For nearly three decades, law enforcement agencies have investigated this art theft with no leads to bring them any closer to recovering the pieces of art. The empty frames of the paintings still hang in the museum as a plea for information to help recover these lost treasures.
The Mona Lisa, the Louvre
Perhaps the most recognizable work of art in the history of the world, Leonardo da Vinci’s enigmatic Mona Lisa would not be the influential woman she is today had she not been lifted in 1911. This art crime unequivocally changed art history forever, making the obscure and quite small painting an overnight sensation. Had another painting been stolen and splashed across international newspapers, we would certainly not have Andy Warhol’s Pop Art ode to her mysterious smile or Dan Brown's bestselling novel, The Da Vinci Code.
On August 21, 1911, Italian handyman Vincenzo Peruggi purloined the masterpiece from the Louvre, leading French police on a bungled two-year hunt for the lost art. Peruggi had been hired by the museum to make protective glass cases for some of its famous works, including the Mona Lisa. After hiding in a closet overnight, he simply lifted the painting from its display and hid it under his workman’s smock. The handyman was about to exit the Louvre with the concealed da Vinci but discovered the doors were locked. Desperate for an escape, Peruggi removed the doorknob — but the door still would not budge. A helpful plumber happened to be passing by and opened the locked Louvre doors with his key.
A full 24 hours passed before anyone at the Louvre noticed the Mona Lisa was missing. How could one of the most prestigious museums in the world allow such a brazen heist to go unnoticed? For starters, occasionally empty displays at the Louvre were nothing unusual or suspicious; artworks were regularly removed to be cleaned or photographed. Most museums lacked alarms or a significant security presence during this time. In 1911, the Louvre only employed roughly 200 guards to secure its 400 rooms, with even fewer guards on the premises assigned to overnight detail.

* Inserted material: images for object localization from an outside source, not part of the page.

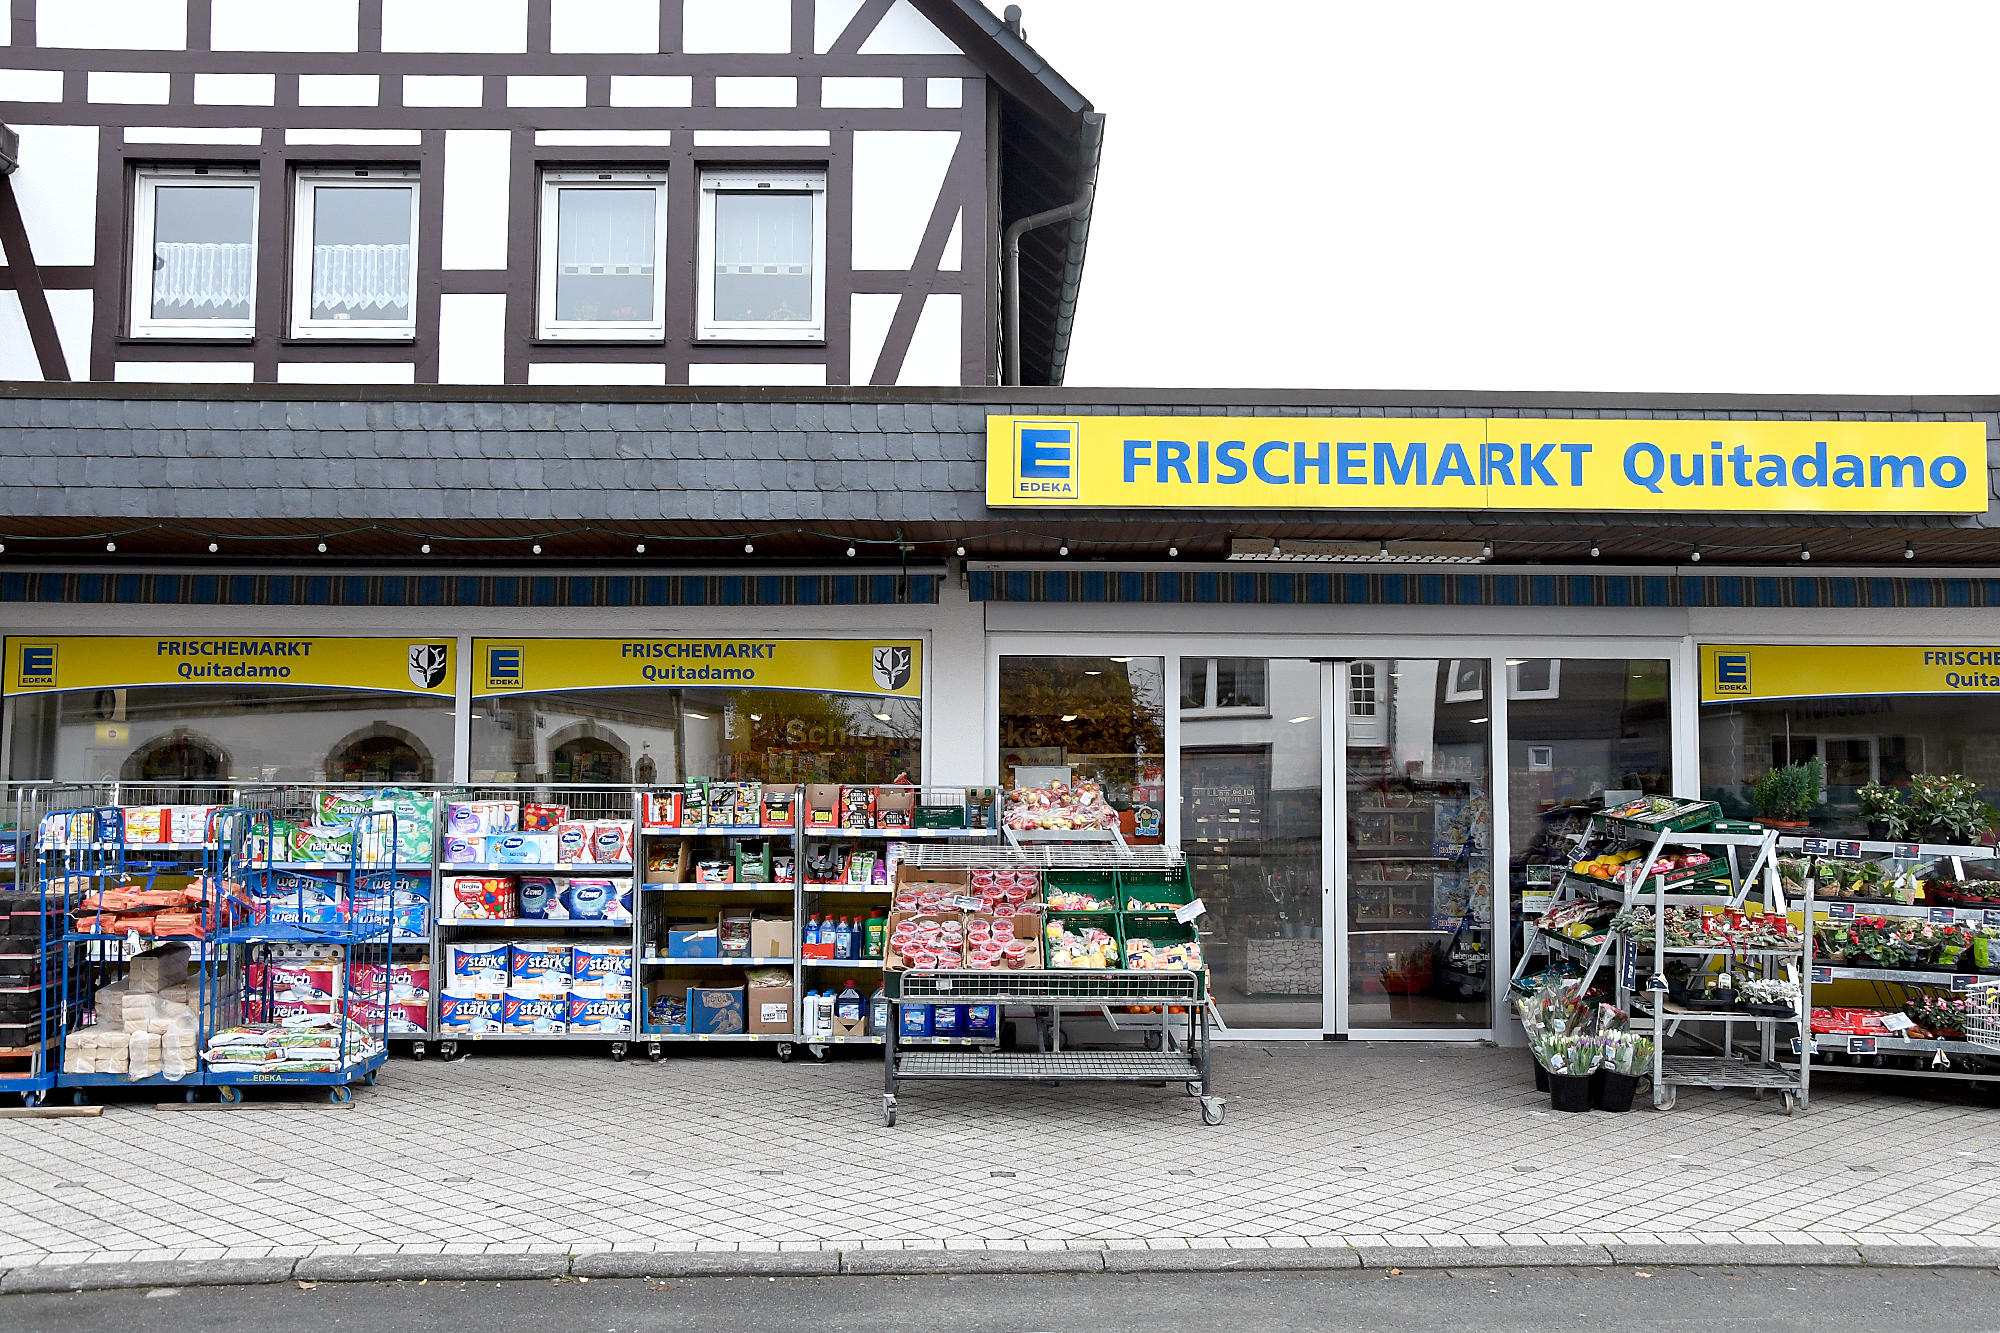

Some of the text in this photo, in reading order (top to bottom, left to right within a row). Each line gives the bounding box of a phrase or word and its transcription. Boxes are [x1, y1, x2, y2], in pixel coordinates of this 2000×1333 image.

[1123, 439, 1967, 495] FRISCHEMARKT Quitadamo
[1020, 482, 1072, 492] EDEKA
[157, 641, 312, 657] FRISCHEMARKT
[621, 643, 777, 659] FRISCHEMARKT
[177, 662, 291, 680] Quitadamo
[641, 664, 755, 681] Quitadamo
[309, 842, 352, 852] natürlich
[524, 887, 542, 896] Zewa
[580, 890, 601, 899] Zewa
[468, 954, 498, 967] stark
[528, 954, 563, 968] stark
[589, 957, 624, 971] stark
[456, 1001, 491, 1016] stark
[520, 1001, 555, 1016] stark
[586, 1001, 622, 1016] stark
[253, 1074, 282, 1082] EDEKA

The French press seized the opportunity to lambast the seemingly incompetent government, which ran the Louvre. "Sixty detectives seek stolen Mona Lisa, French public indignant," reported the New York Times. The heist launched the Mona Lisa into becoming a household name for regular Joes — people who had no previous interest in art, much less had stepped foot onto European soil. For the first time ever, massive lines formed outside of the Louvre filled with people eager to ogle the empty space where the da Vinci once hung.
A clumsy police investigation to recover the Mona Lisa dragged on for two years, eyeing a young Pablo Picasso as a suspect at one point. Detectives even interviewed Vincenzo Peruggi — twice — concluding the handyman couldn't possibly be the thief. The head of the Paris police retired in shame.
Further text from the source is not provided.